Possible Involvement of IL‐12 in Reovirus Type‐2‐Induced Diabetes in Newborn DBA/1 Mice

This study extends our previous observations that the reovirus type‐2(Reo‐2) can induce autoimmune insulitis, which may be mediated by T‐helper(Th)1‐dependent mechanisms, resulting in diabetes in newborn DBA/1 mice. In this study mRNA expression for Th1‐related cytokines including Th1 and Th2 cytokines in splenic cells was examined by reverse transcriptase polymerase chain reaction (RT–PCR) in relation to the development of insulitis. Furthermore, the effect of monoclonal antibody (MoAb) against interleukin (IL)‐12(p40) on the development of insulitis and the mRNA expression in the splenic cells was examined.

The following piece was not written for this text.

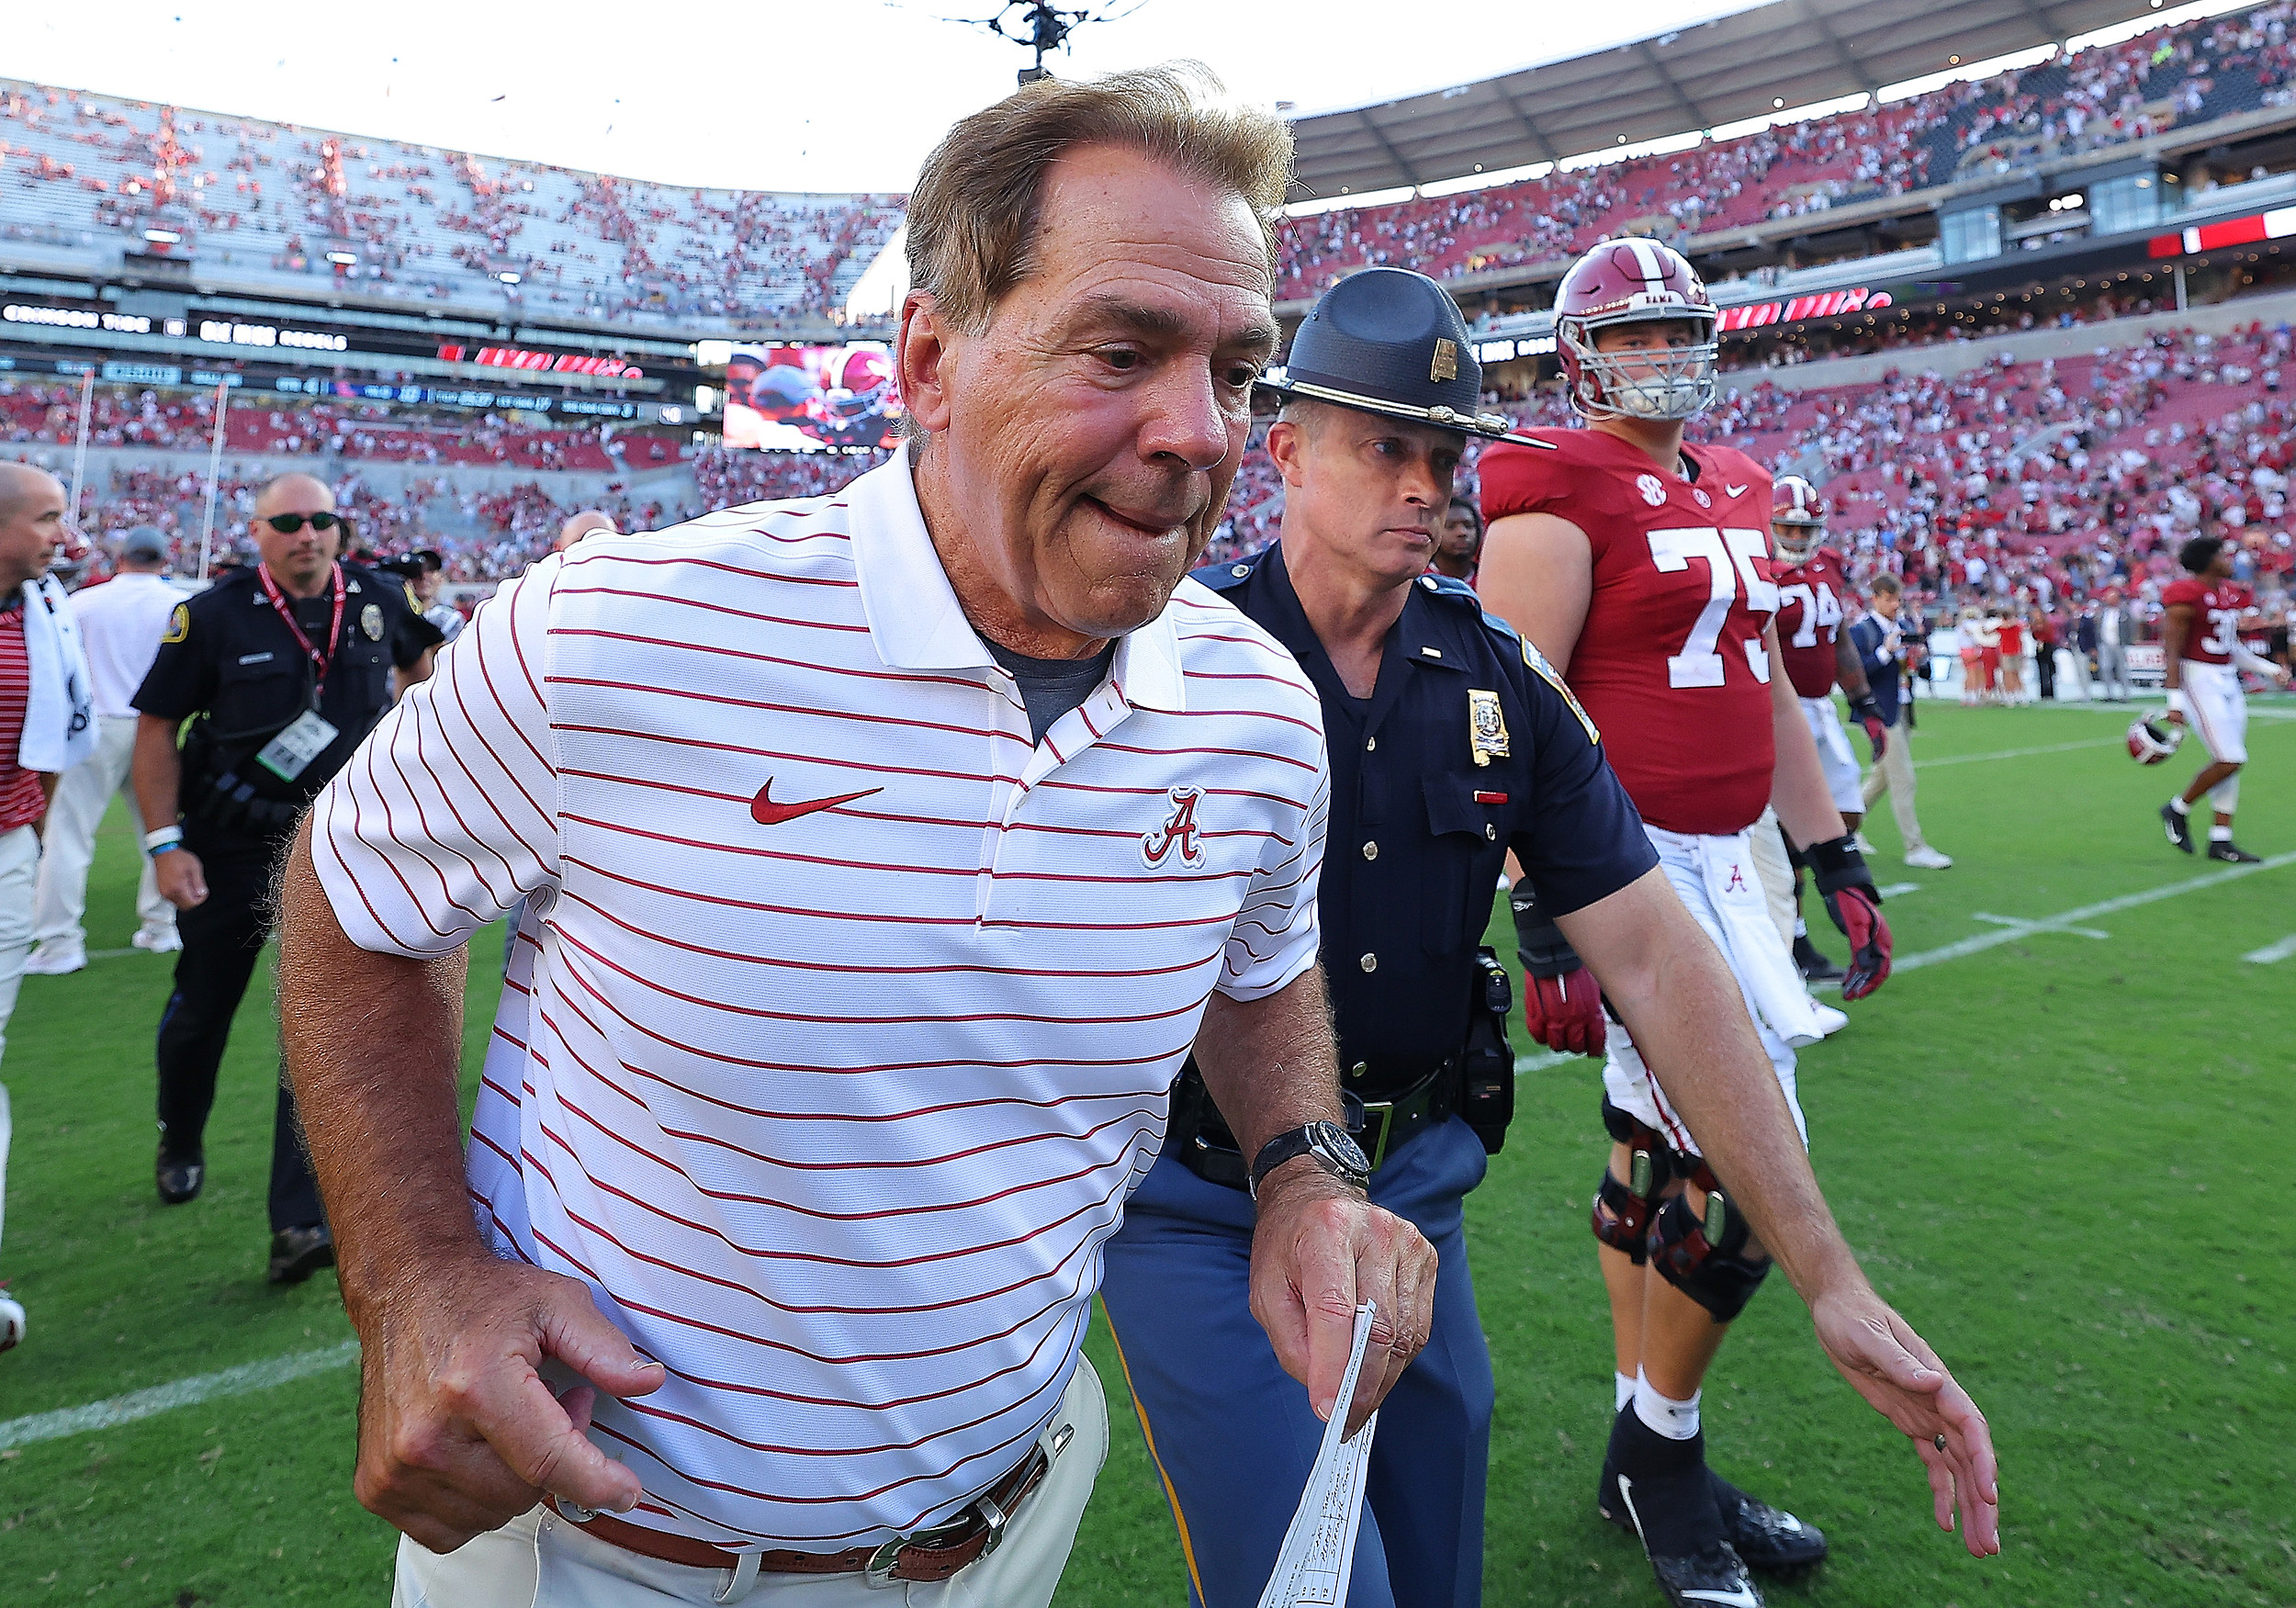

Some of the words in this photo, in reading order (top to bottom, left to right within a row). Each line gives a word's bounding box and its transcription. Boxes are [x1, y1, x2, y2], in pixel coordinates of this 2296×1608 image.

The mRNA expression for IL‐12(p40), IL‐18, and interferon (IFN)‐γ, but not IL‐5, increased in the spleen in parallel with the development of insulitis. The treatment with MoAb to IL‐12(p40) reduced the insulitis with diabetes which was associated with a decrease in the mRNA expression for IL‐12(p40), IL‐18 and IFN‐γ, and an increase of IL‐4 mRNA expression in the spleen. The present study suggested that Th1‐dominant systemic immune responses, being responsible for the development of autoimmune insulitis, might be induced by IL‐12‐induced and IL‐18‐activated mechanisms.